WHAT YOU ARE ASKED TO DO
Wherever an image appears in the data, omit it and copy all the remaining text word for word.

ENTRIES SUPPLIED
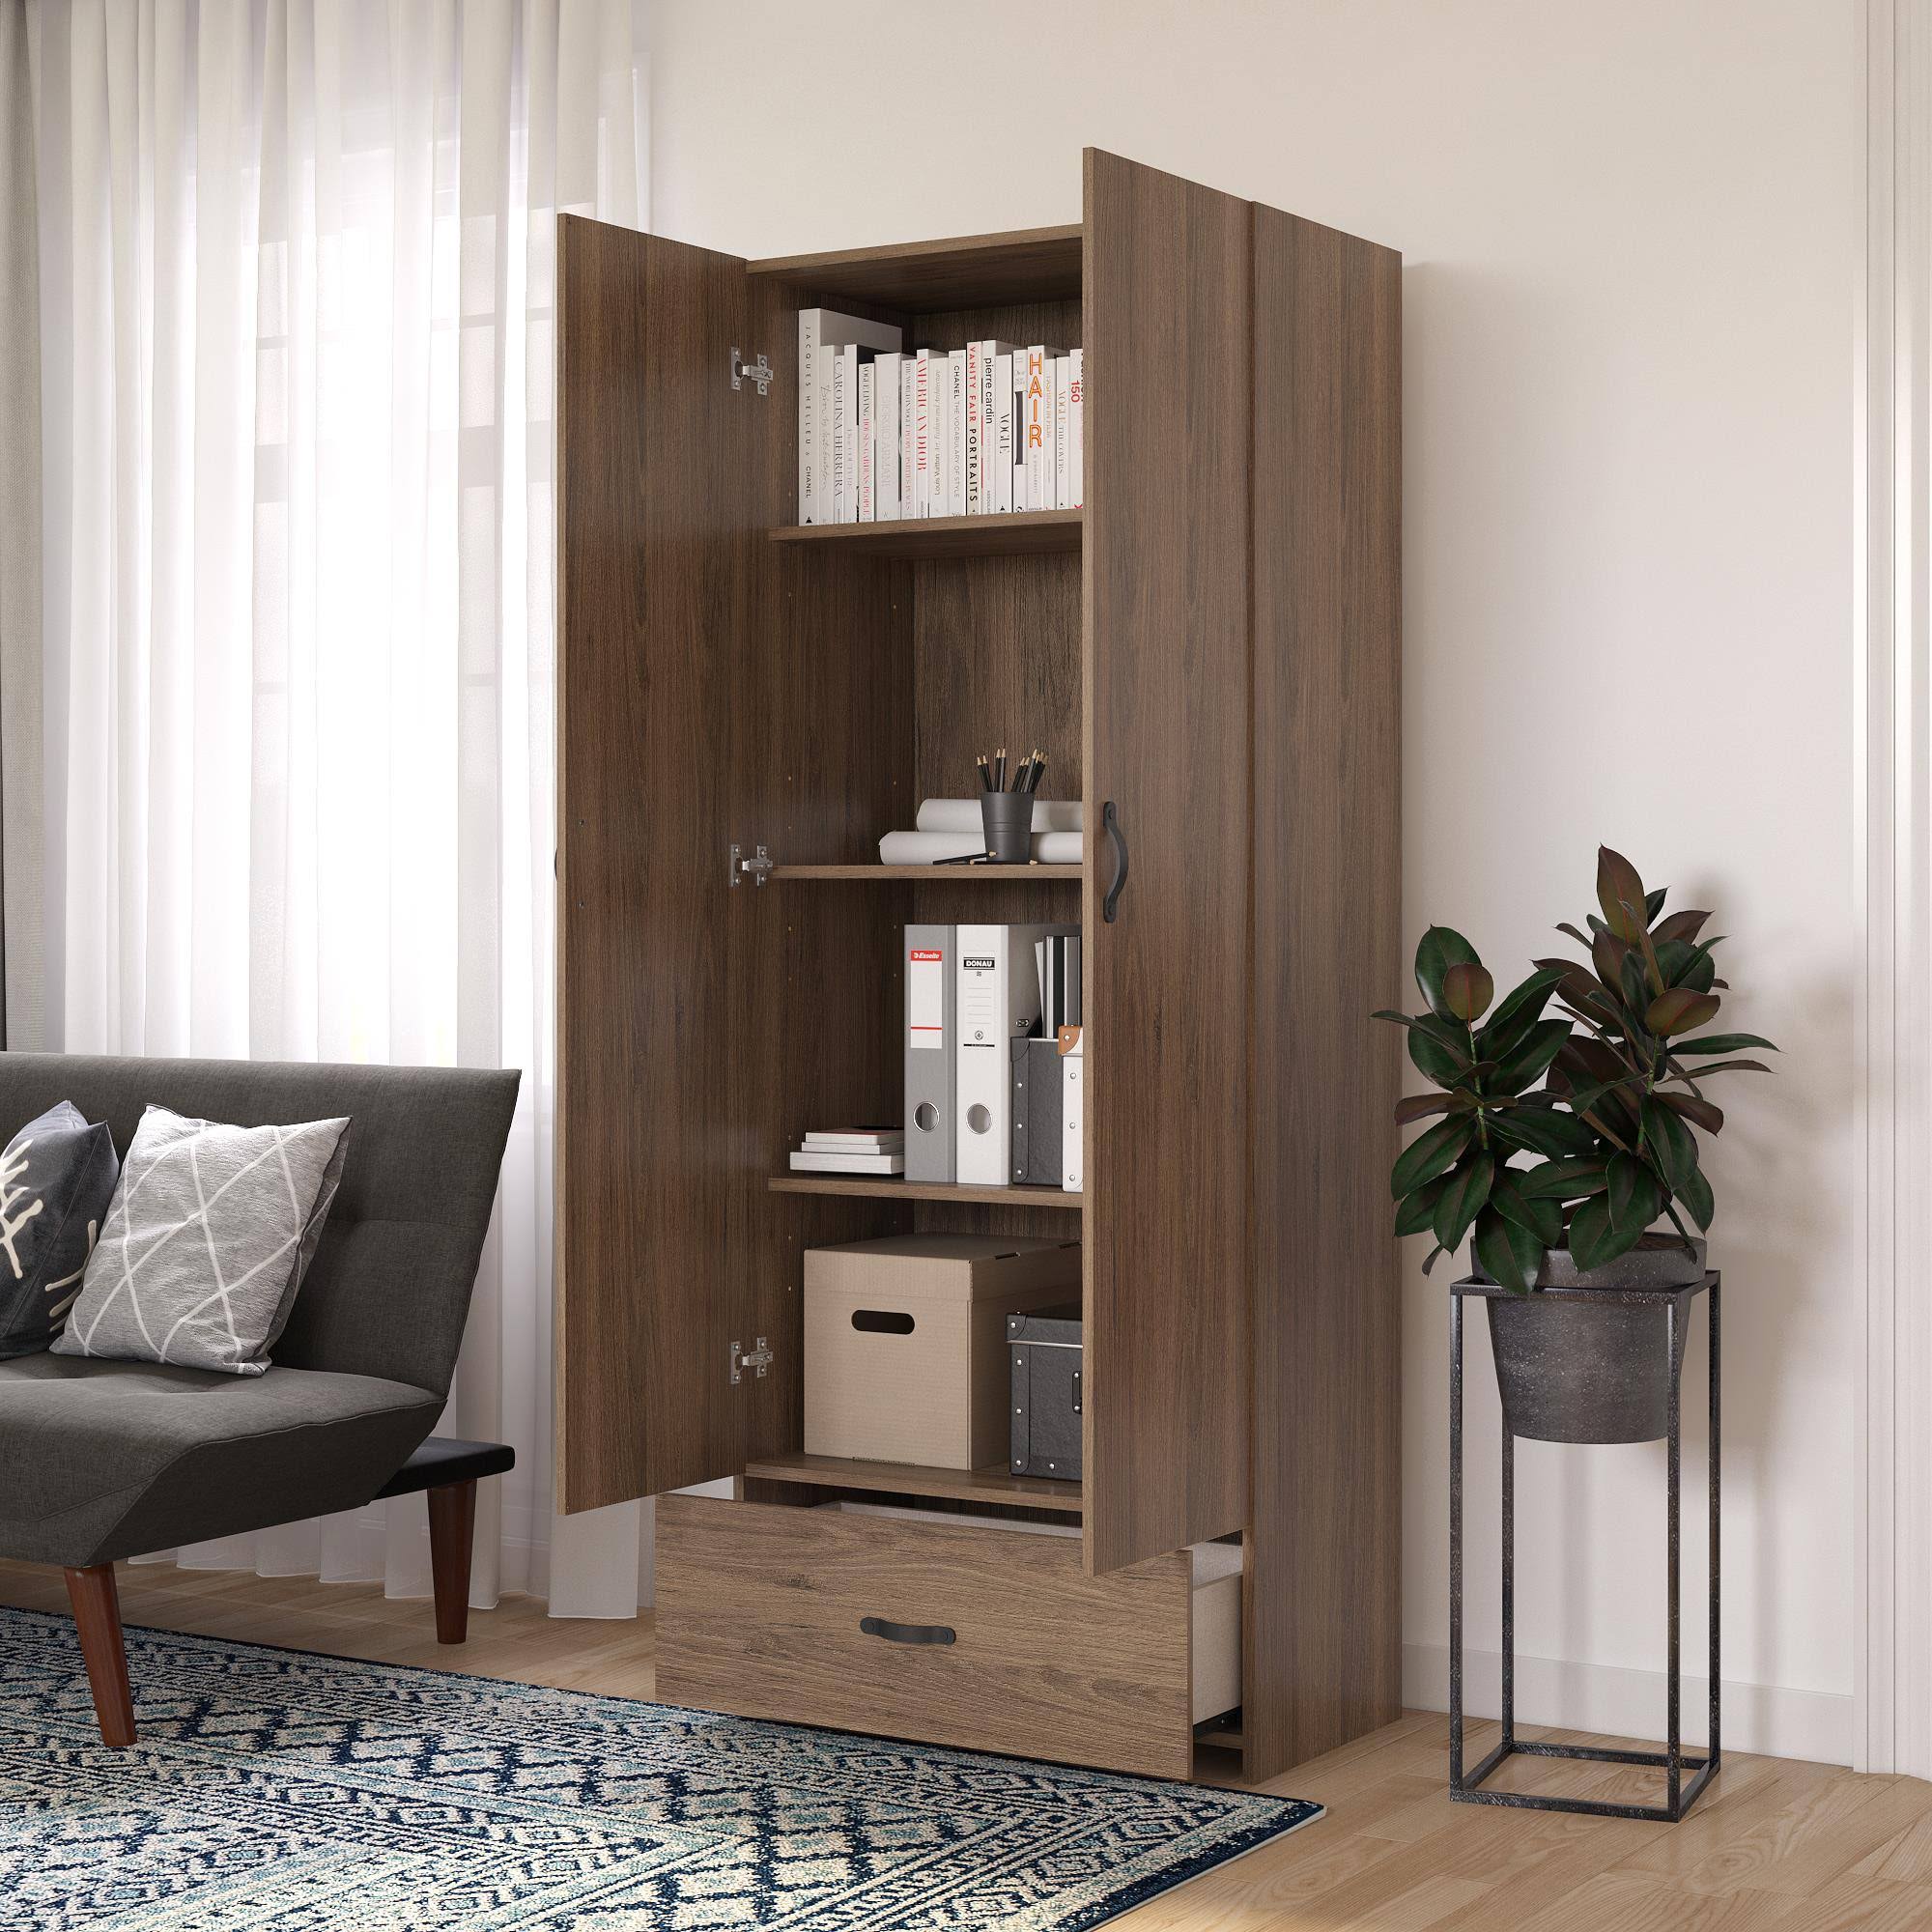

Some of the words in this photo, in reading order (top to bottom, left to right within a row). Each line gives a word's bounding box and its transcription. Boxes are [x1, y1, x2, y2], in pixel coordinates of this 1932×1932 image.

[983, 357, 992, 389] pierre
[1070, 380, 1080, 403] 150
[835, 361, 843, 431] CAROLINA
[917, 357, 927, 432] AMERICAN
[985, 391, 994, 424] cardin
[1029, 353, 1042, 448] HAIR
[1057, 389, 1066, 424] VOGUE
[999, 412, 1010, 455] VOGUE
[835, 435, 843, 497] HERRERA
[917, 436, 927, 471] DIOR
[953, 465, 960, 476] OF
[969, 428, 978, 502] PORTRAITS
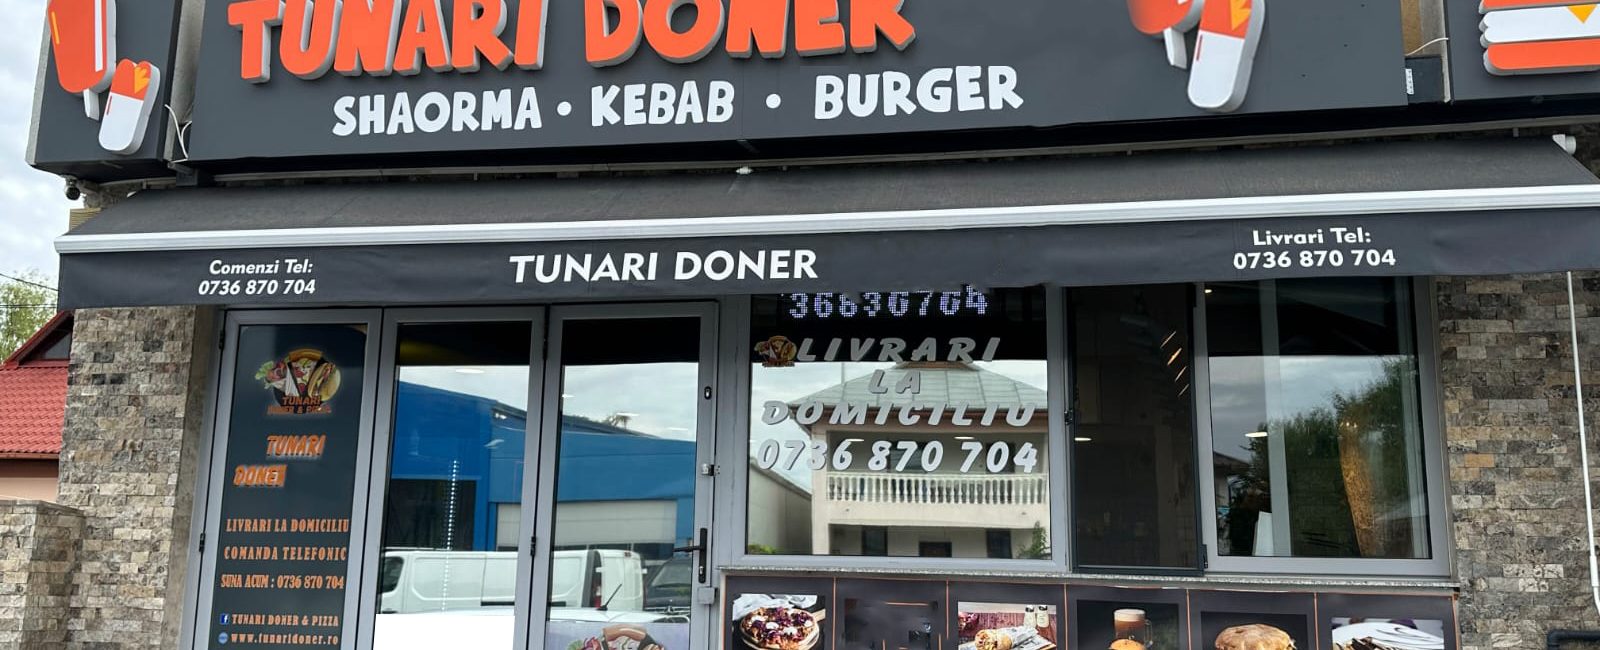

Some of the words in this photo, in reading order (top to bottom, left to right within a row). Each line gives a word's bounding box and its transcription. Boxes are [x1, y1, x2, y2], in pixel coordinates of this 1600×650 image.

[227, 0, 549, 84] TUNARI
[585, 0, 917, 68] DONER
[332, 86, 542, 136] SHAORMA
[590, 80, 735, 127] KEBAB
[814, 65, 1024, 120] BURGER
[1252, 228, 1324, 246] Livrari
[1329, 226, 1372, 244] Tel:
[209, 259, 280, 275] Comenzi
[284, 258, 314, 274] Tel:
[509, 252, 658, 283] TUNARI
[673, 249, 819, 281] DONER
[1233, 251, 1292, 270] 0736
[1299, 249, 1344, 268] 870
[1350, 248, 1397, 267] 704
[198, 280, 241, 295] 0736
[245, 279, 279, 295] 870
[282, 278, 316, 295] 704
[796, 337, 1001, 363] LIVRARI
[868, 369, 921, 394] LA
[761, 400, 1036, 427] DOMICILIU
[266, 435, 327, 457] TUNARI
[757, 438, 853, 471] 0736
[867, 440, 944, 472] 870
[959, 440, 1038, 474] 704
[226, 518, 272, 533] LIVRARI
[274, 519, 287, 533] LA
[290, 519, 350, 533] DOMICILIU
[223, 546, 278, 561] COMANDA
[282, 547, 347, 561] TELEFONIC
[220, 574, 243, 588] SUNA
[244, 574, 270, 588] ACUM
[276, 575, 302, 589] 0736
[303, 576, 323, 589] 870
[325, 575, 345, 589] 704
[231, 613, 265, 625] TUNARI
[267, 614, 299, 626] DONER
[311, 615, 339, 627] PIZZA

RESULT FOR THIS EXERCISE
Some of the words in this photo, in reading order (top to bottom, left to right within a row). Each line gives a word's bounding box and its transcription. Boxes are [x1, y1, x2, y2], in pixel coordinates of this 1932×1932 image.

[983, 357, 992, 389] pierre
[1070, 380, 1080, 403] 150
[835, 361, 843, 431] CAROLINA
[917, 357, 927, 432] AMERICAN
[985, 391, 994, 424] cardin
[1029, 353, 1042, 448] HAIR
[1057, 389, 1066, 424] VOGUE
[999, 412, 1010, 455] VOGUE
[835, 435, 843, 497] HERRERA
[917, 436, 927, 471] DIOR
[953, 465, 960, 476] OF
[969, 428, 978, 502] PORTRAITS

Some of the words in this photo, in reading order (top to bottom, left to right within a row). Each line gives a word's bounding box and its transcription. Boxes are [x1, y1, x2, y2], in pixel coordinates of this 1600×650 image.

[227, 0, 549, 84] TUNARI
[585, 0, 917, 68] DONER
[332, 86, 542, 136] SHAORMA
[590, 80, 735, 127] KEBAB
[814, 65, 1024, 120] BURGER
[1252, 228, 1324, 246] Livrari
[1329, 226, 1372, 244] Tel:
[209, 259, 280, 275] Comenzi
[284, 258, 314, 274] Tel:
[509, 252, 658, 283] TUNARI
[673, 249, 819, 281] DONER
[1233, 251, 1292, 270] 0736
[1299, 249, 1344, 268] 870
[1350, 248, 1397, 267] 704
[198, 280, 241, 295] 0736
[245, 279, 279, 295] 870
[282, 278, 316, 295] 704
[796, 337, 1001, 363] LIVRARI
[868, 369, 921, 394] LA
[761, 400, 1036, 427] DOMICILIU
[266, 435, 327, 457] TUNARI
[757, 438, 853, 471] 0736
[867, 440, 944, 472] 870
[959, 440, 1038, 474] 704
[226, 518, 272, 533] LIVRARI
[274, 519, 287, 533] LA
[290, 519, 350, 533] DOMICILIU
[223, 546, 278, 561] COMANDA
[282, 547, 347, 561] TELEFONIC
[220, 574, 243, 588] SUNA
[244, 574, 270, 588] ACUM
[276, 575, 302, 589] 0736
[303, 576, 323, 589] 870
[325, 575, 345, 589] 704
[231, 613, 265, 625] TUNARI
[267, 614, 299, 626] DONER
[311, 615, 339, 627] PIZZA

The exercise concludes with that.